── GIVEN ENTRIES ──
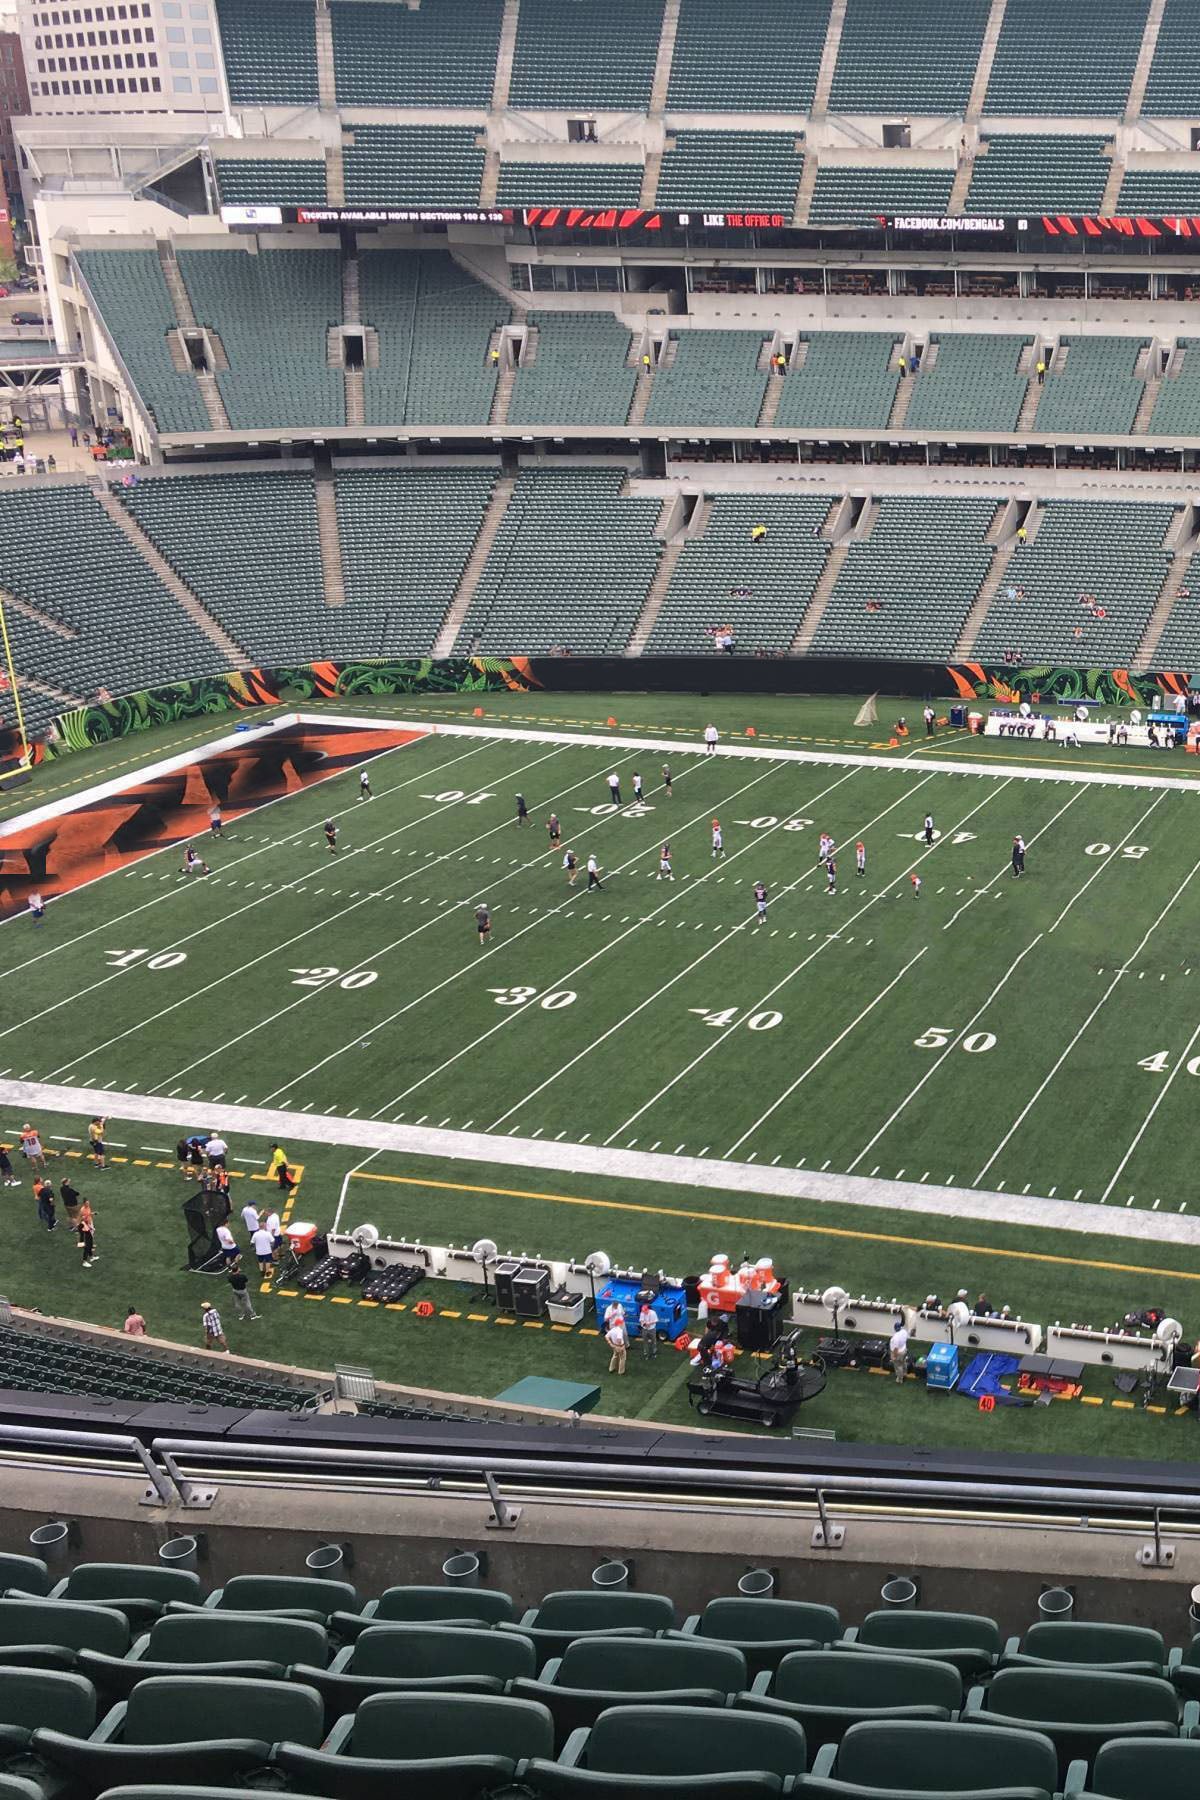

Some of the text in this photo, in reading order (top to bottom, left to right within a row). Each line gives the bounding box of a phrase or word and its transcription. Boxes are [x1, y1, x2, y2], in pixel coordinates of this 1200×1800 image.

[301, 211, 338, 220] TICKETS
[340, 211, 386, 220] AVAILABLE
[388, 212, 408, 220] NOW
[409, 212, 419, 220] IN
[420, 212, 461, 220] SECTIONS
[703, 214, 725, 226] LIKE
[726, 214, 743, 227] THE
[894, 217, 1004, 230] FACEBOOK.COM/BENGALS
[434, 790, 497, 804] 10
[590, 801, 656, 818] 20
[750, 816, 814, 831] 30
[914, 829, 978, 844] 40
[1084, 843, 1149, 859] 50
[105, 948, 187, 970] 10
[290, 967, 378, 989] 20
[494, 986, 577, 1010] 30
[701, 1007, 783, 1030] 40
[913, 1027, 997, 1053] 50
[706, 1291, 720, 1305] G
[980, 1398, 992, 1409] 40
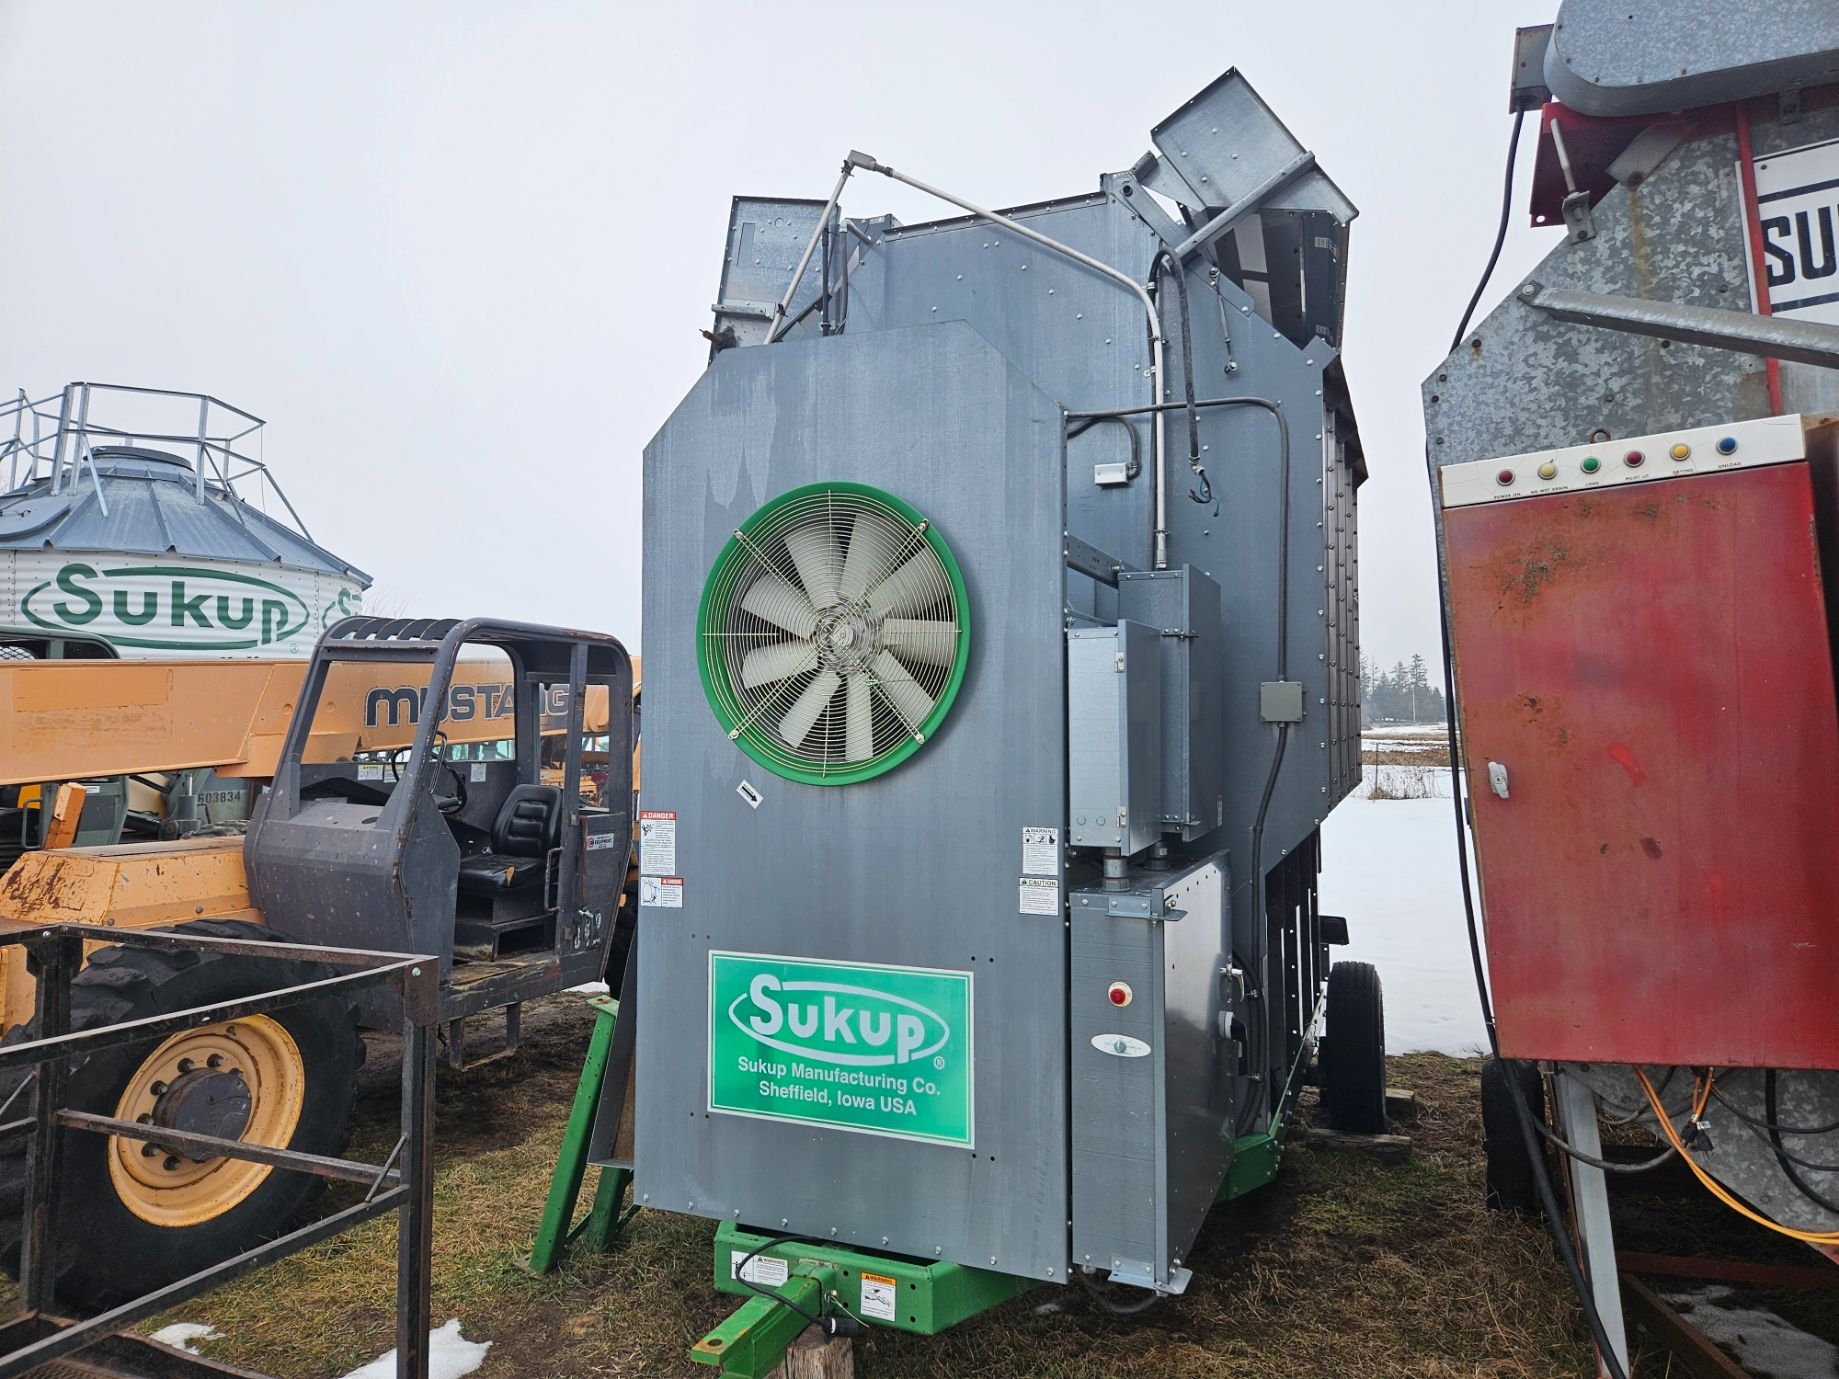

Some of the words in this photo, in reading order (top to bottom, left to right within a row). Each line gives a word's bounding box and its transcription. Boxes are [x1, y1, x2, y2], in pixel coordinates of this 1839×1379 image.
───
→ DIRECTIONS FOR THIS TASK
Return every line above word for word, minus images.

→ SOLVED PROBLEM
Some of the text in this photo, in reading order (top to bottom, left to right within a row). Each line gives the bounding box of a phrase or word and its transcription. Boxes are [x1, y1, x2, y2], in pixel coordinates of this 1200×1800 image.

[301, 211, 338, 220] TICKETS
[340, 211, 386, 220] AVAILABLE
[388, 212, 408, 220] NOW
[409, 212, 419, 220] IN
[420, 212, 461, 220] SECTIONS
[703, 214, 725, 226] LIKE
[726, 214, 743, 227] THE
[894, 217, 1004, 230] FACEBOOK.COM/BENGALS
[434, 790, 497, 804] 10
[590, 801, 656, 818] 20
[750, 816, 814, 831] 30
[914, 829, 978, 844] 40
[1084, 843, 1149, 859] 50
[105, 948, 187, 970] 10
[290, 967, 378, 989] 20
[494, 986, 577, 1010] 30
[701, 1007, 783, 1030] 40
[913, 1027, 997, 1053] 50
[706, 1291, 720, 1305] G
[980, 1398, 992, 1409] 40

Some of the words in this photo, in reading order (top to bottom, left to right within a row). Each line gives a word's bounding box and its transcription. Boxes are [x1, y1, x2, y2], in pixel coordinates of this 1839×1379 image.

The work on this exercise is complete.